• _Problem statement_
Word-for-word reproduction, images excluded: copy every entry below.

• _Record set_
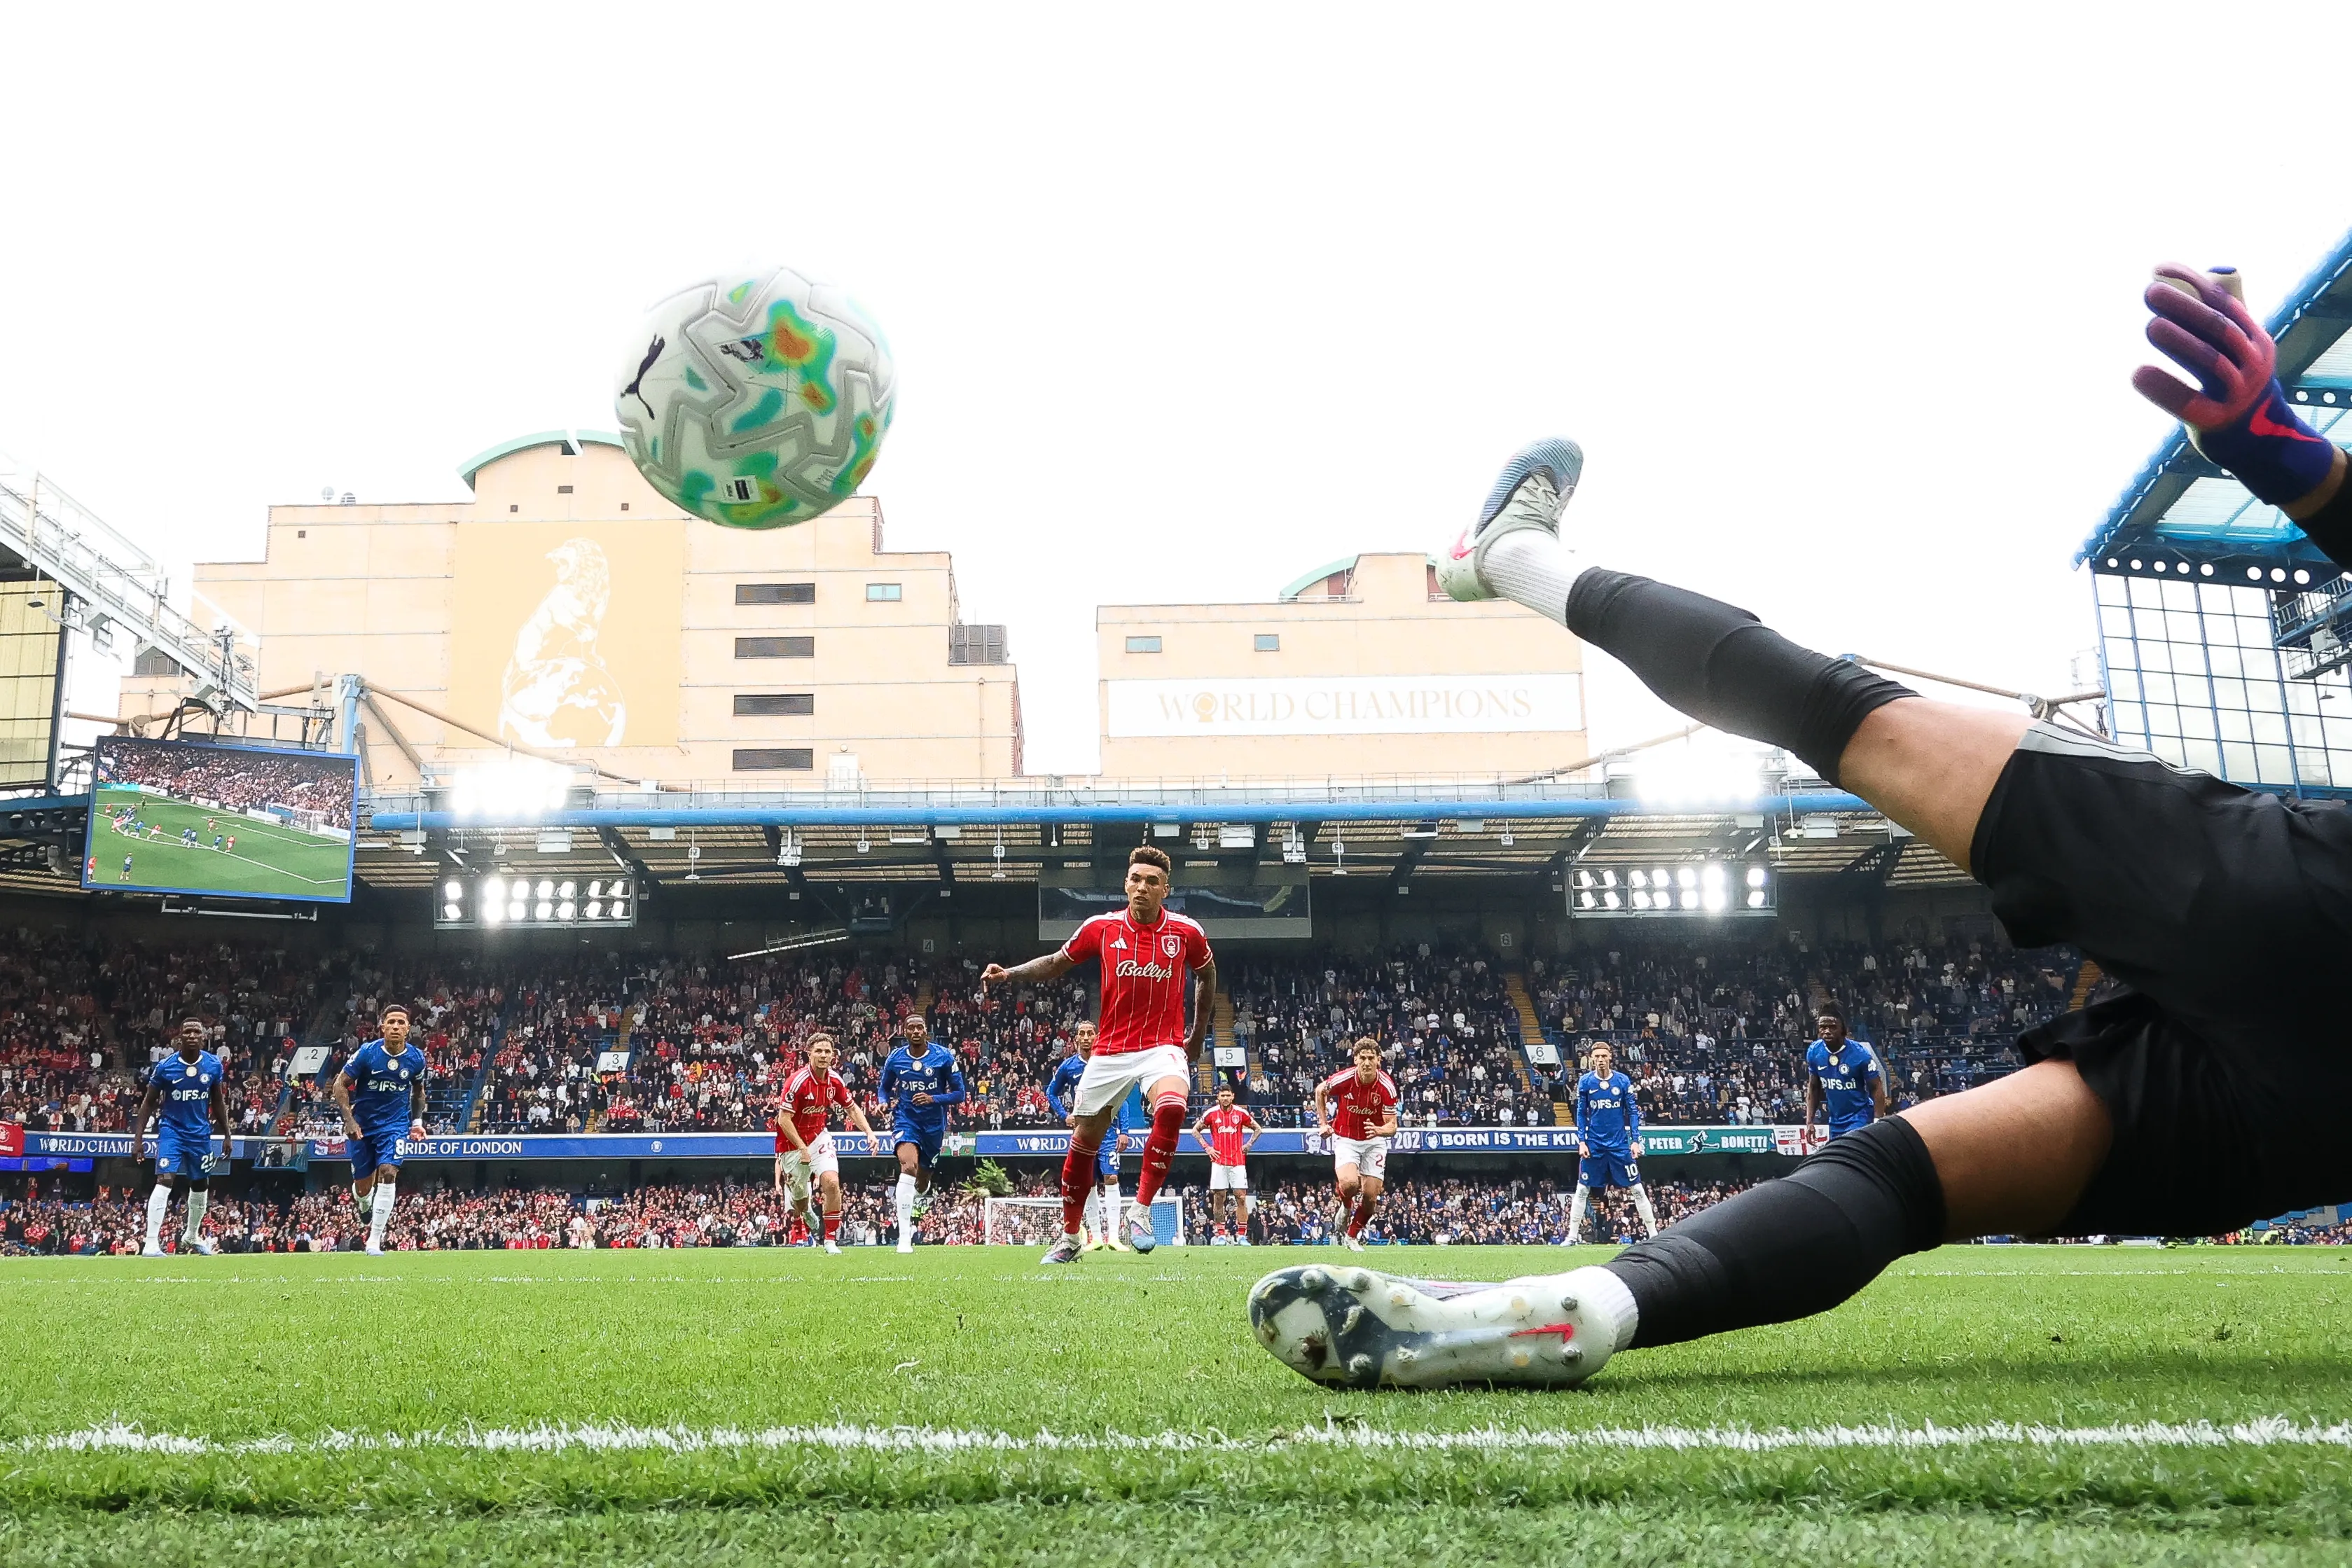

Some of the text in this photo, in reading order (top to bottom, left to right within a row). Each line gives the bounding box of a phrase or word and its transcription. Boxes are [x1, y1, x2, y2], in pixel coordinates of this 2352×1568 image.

[1304, 688, 1533, 721] CHAMPIONS
[925, 940, 932, 951] 4
[1116, 959, 1172, 982] Bally's
[310, 1048, 318, 1060] 2
[1225, 1049, 1233, 1060] 5
[1536, 1046, 1544, 1057] 6
[612, 1053, 619, 1064] 3
[1597, 1098, 1621, 1109] IFS.ai
[1016, 1137, 1067, 1151] WORLD
[1442, 1132, 1580, 1146] BORN IS THE KIN
[1648, 1137, 1682, 1150] PETER
[1720, 1135, 1767, 1149] BONETTI
[396, 1139, 404, 1155] 8
[405, 1142, 522, 1155] RIDE OF LONDON
[1625, 1163, 1639, 1178] 10

• _Completed task_
Some of the text in this photo, in reading order (top to bottom, left to right within a row). Each line gives the bounding box of a phrase or word and its transcription. Boxes are [x1, y1, x2, y2], in pixel coordinates of this 2352×1568 image.

[1304, 688, 1533, 721] CHAMPIONS
[925, 940, 932, 951] 4
[1116, 959, 1172, 982] Bally's
[310, 1048, 318, 1060] 2
[1225, 1049, 1233, 1060] 5
[1536, 1046, 1544, 1057] 6
[612, 1053, 619, 1064] 3
[1597, 1098, 1621, 1109] IFS.ai
[1016, 1137, 1067, 1151] WORLD
[1442, 1132, 1580, 1146] BORN IS THE KIN
[1648, 1137, 1682, 1150] PETER
[1720, 1135, 1767, 1149] BONETTI
[396, 1139, 404, 1155] 8
[405, 1142, 522, 1155] RIDE OF LONDON
[1625, 1163, 1639, 1178] 10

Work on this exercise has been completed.